Copy out each entry precisely; no image belongs in the result.

⁂

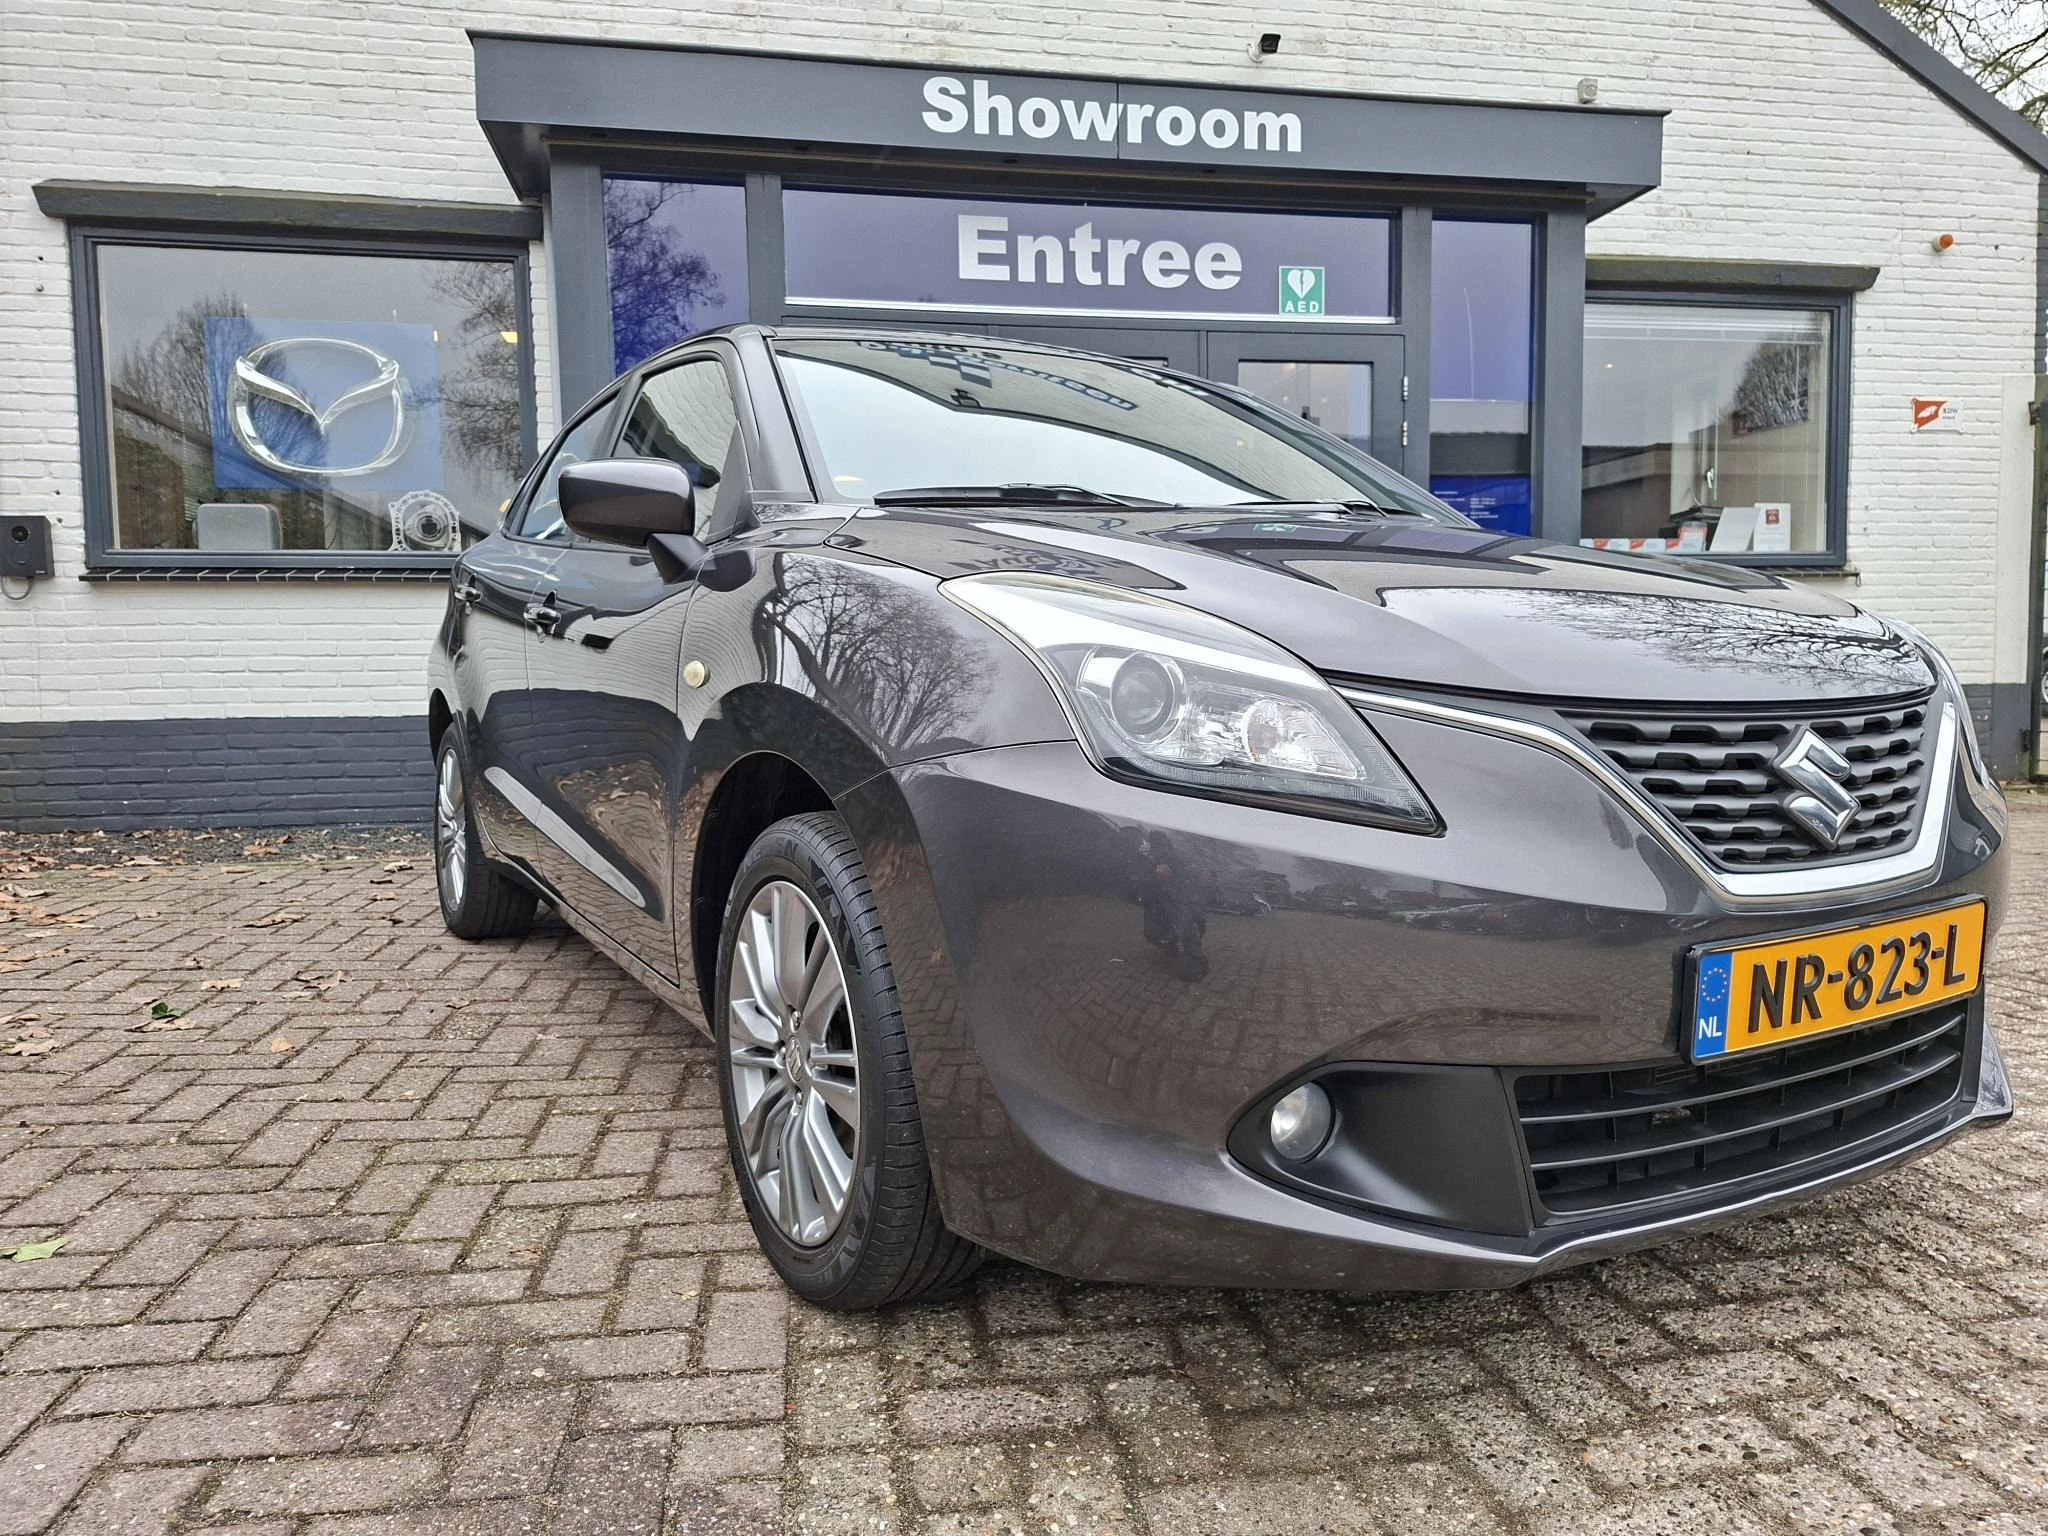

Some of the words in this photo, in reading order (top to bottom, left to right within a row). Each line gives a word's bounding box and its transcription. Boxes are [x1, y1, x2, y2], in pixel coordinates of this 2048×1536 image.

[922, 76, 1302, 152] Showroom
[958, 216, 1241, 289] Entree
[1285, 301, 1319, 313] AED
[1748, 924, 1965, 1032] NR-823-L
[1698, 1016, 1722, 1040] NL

⁂

REPLY:
Some of the words in this photo, in reading order (top to bottom, left to right within a row). Each line gives a word's bounding box and its transcription. Boxes are [x1, y1, x2, y2], in pixel coordinates of this 2048×1536 image.

[922, 76, 1302, 152] Showroom
[958, 216, 1241, 289] Entree
[1285, 301, 1319, 313] AED
[1748, 924, 1965, 1032] NR-823-L
[1698, 1016, 1722, 1040] NL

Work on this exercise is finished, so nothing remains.